Despite the methodological benefits of RNA-Seq, microarrays have several potential advantages over sequencing, particularly for detecting lower abundance transcripts. Hybridization in microarray typically uses higher concentrations of cDNA than RNA-seq assays, but the detection of each unique cDNA (or cRNA) is independent thereby avoiding the competitive detection scenario encountered with NGS data. With sequencing, the inability to detect a large proportion of lower abundant transcripts is caused by a few highly abundant RNA transcripts accounting for a very large proportion of a cDNA library (Lei et al. 2015). This inability to robustly detect low abundance transcripts leads to high variability in the quantitative measurement of transcript expression. Microarrays, on the other hand, provide coherent and accurate gene expression quantitation irrespective of transcript abundance. Use of microarrays for research remains prevalent, as the technology has been proven successful in consistently providing genomics insight
for the past two decades (Harrington et al. 2000; Trevino et al. 2006; Yan & Gu 2009). Also, microarrays are generally considered easier to use as protocols for sample labeling, array handling and data analysis are less intensive. Moreover, general agreement has emerged on the major methods for processing the data and a wealth of good tools exist to analyze them, while the same cannot be said yet for RNA-seq. Further, despite NGS advancements and a recent drop in the cost associated with NGS, expression arrays are still economical and easier when processing large numbers of samples (e.g., hundreds to thousands) and yield higher throughput.

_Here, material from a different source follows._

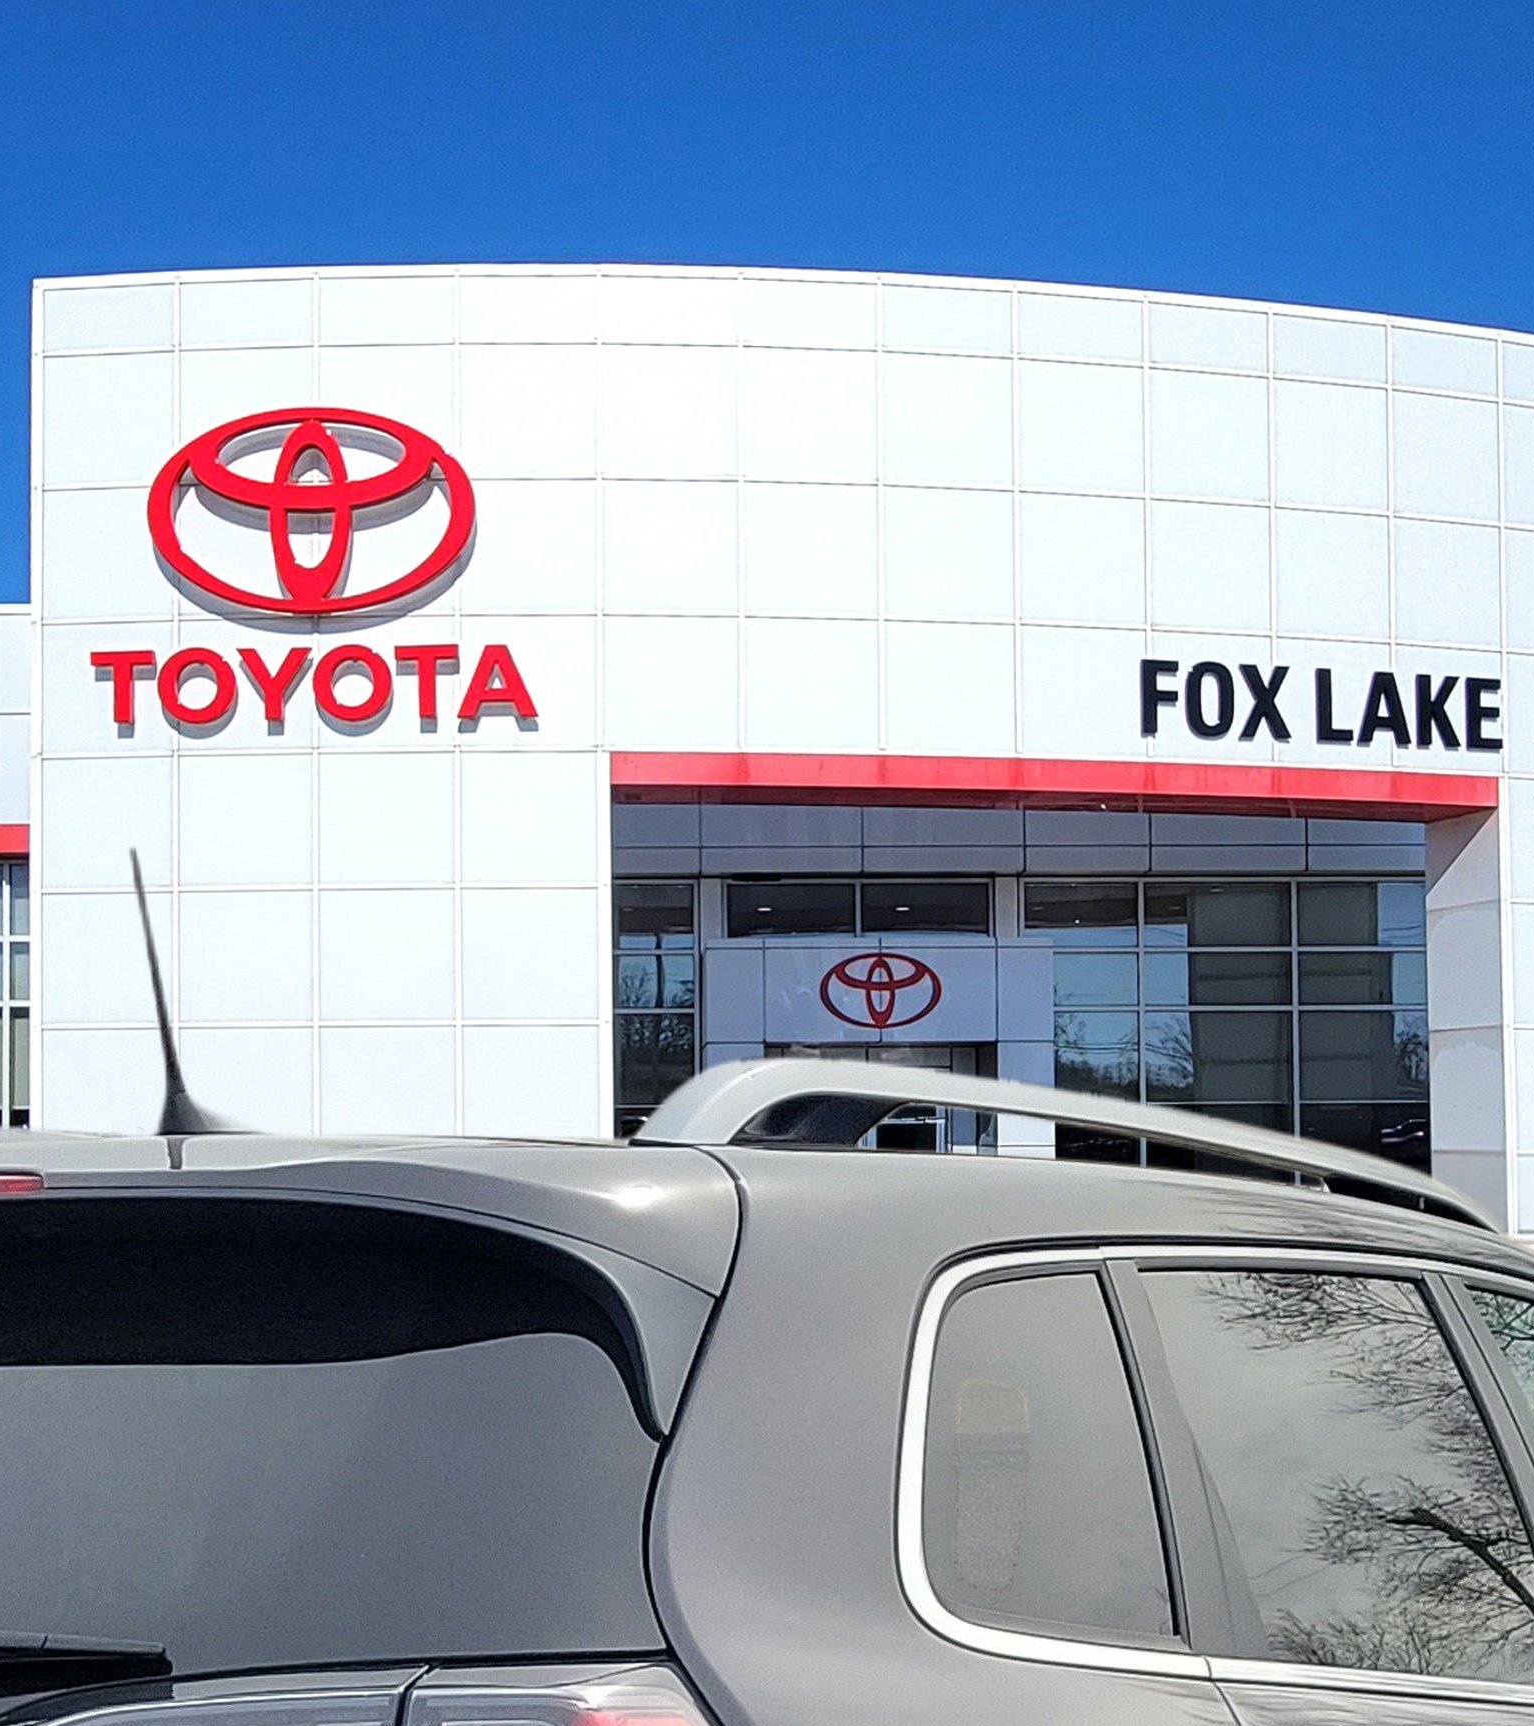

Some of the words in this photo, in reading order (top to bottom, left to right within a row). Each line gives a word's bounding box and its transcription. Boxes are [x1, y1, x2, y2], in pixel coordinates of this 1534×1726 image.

[90, 643, 539, 725] TOYOTA
[1140, 658, 1291, 742] FOX
[1314, 667, 1503, 751] LAKE
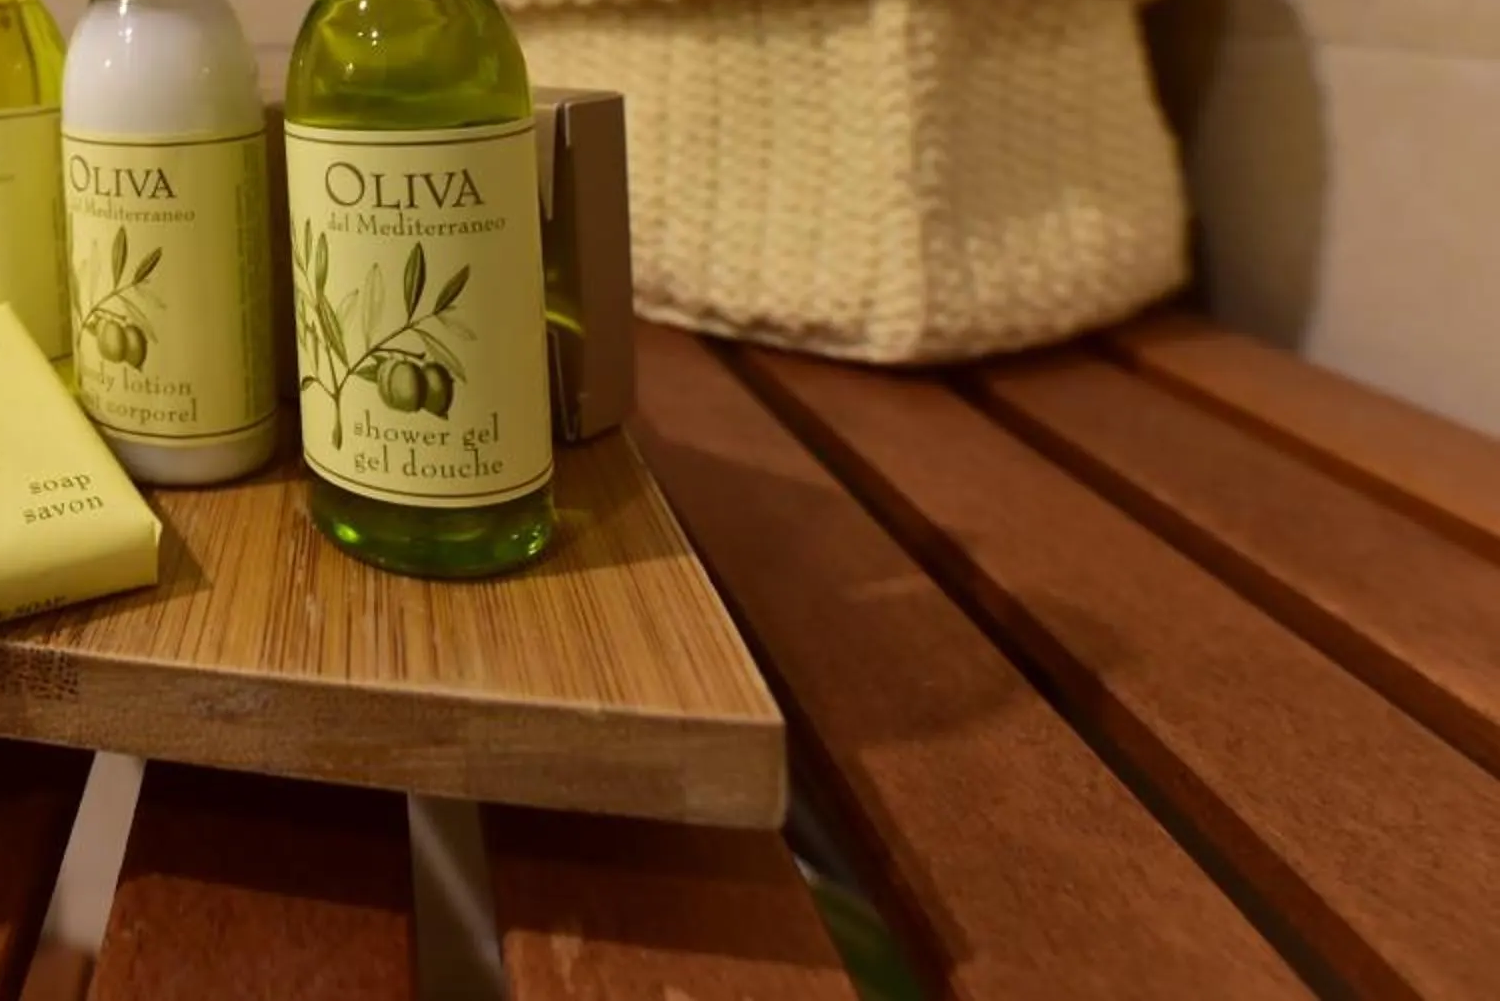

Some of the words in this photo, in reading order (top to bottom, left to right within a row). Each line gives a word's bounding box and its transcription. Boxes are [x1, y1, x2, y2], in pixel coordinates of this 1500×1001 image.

There are pragmatic reasons for using microarray technology in a study such as ours as well. The primary research objective within this thesis was to find a biomarker or a diagnostic tool for healthy ageing that had prognostic abilities for a clinical outcome. There are many pre-existing datasets profiling a variety of tissues in young and old available on a variety of microarray platforms. Therefore, from a validation perspective microarray was a sensible choice (Figure 2.1). The different datasets used in our study were profiled on various microarray platforms including Affymetrix HGU133Plus2, Affymetrix HuEx-1.0 ST, HTA-2.0, Illumina HT-12 V3 beadchip and Illumina HT-12 V4 beadchip (for detail of the datasets see Appendix 1).